Thriving town outgrows reliance on struggling plant

By Jennifer Brooks / The Detroit News

WIXOM -- For 46 years, Wixom's fortunes rose and fell with Ford Motor Co.

The massive Wixom Assembly Plant was the city's landmark, its top employer and its main source of revenue. Wixom revolved around Wixom Assembly.

But Wixom watched and learned from the agony of Flint, Pontiac and other cities whose economies shattered when the automaker left town. And for the past decade, Wixom has worked to become less dependent on the Ford plant and the tax dollars it generates.
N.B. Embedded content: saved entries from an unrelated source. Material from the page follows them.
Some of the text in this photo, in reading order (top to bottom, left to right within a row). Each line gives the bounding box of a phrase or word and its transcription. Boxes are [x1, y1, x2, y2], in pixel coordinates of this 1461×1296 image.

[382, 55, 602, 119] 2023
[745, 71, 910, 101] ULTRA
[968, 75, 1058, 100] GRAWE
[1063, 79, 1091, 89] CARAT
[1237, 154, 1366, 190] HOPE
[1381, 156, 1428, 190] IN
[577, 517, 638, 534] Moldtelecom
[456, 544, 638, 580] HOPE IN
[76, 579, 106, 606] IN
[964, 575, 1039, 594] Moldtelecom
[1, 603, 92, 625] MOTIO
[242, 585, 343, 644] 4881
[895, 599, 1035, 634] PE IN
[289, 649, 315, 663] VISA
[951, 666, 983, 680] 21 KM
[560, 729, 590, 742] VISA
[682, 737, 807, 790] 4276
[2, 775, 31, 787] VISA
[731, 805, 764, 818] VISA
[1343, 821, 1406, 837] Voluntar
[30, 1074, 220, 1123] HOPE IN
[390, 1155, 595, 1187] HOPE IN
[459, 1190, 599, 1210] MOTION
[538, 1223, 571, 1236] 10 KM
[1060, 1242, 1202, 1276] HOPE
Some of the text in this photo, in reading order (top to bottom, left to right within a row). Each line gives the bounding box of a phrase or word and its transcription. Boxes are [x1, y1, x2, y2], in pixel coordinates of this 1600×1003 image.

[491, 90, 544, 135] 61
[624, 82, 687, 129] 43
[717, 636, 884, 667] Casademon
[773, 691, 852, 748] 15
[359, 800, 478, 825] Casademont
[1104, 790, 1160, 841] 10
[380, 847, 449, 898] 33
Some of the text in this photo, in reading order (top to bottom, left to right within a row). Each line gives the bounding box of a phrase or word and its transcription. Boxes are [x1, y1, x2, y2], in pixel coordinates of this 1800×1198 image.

Ten years ago, there were 80 businesses in Wixom. Today, there are more than 800, a 1,000 percent increase. When Metro Detroit's suburban development boom reached southwestern Oakland County, it swept thousands of new residents and millions of dollars' worth of residential and commercial construction into Wixom.

While Wixom's star was on the rise, the Ford plant was in decline, slowing production, cutting shifts and sparking concern that the assembly line might close for good one of these years. Ford officials have been ominously tight-lipped about the long-term fate of the underused Wixom plant, which builds the Ford Thunderbird, the Lincoln LS and the Lincoln Town Car, saying only that the plant's future is under review.

Fifteen years ago, losing Wixom Assembly, the largest employer in town and the source of more than 55 percent of municipal tax revenues, would have been a crushing blow. Today, Ford contributes less than 17 percent of the tax base in a new economy that is as much white-collar as blue-collar. Today, the thought of losing Ford is more a cause for regret than panic.

"If the factory went away, it won't affect us too much," said Moe Leon, whose restaurant sits across the street from the factory.

Leon chose the property six years ago, figuring to cash in on the hungry factory crowds.

"I saw how Wixom was growing, and I figured the Ford plant would mean extra business," Leon said.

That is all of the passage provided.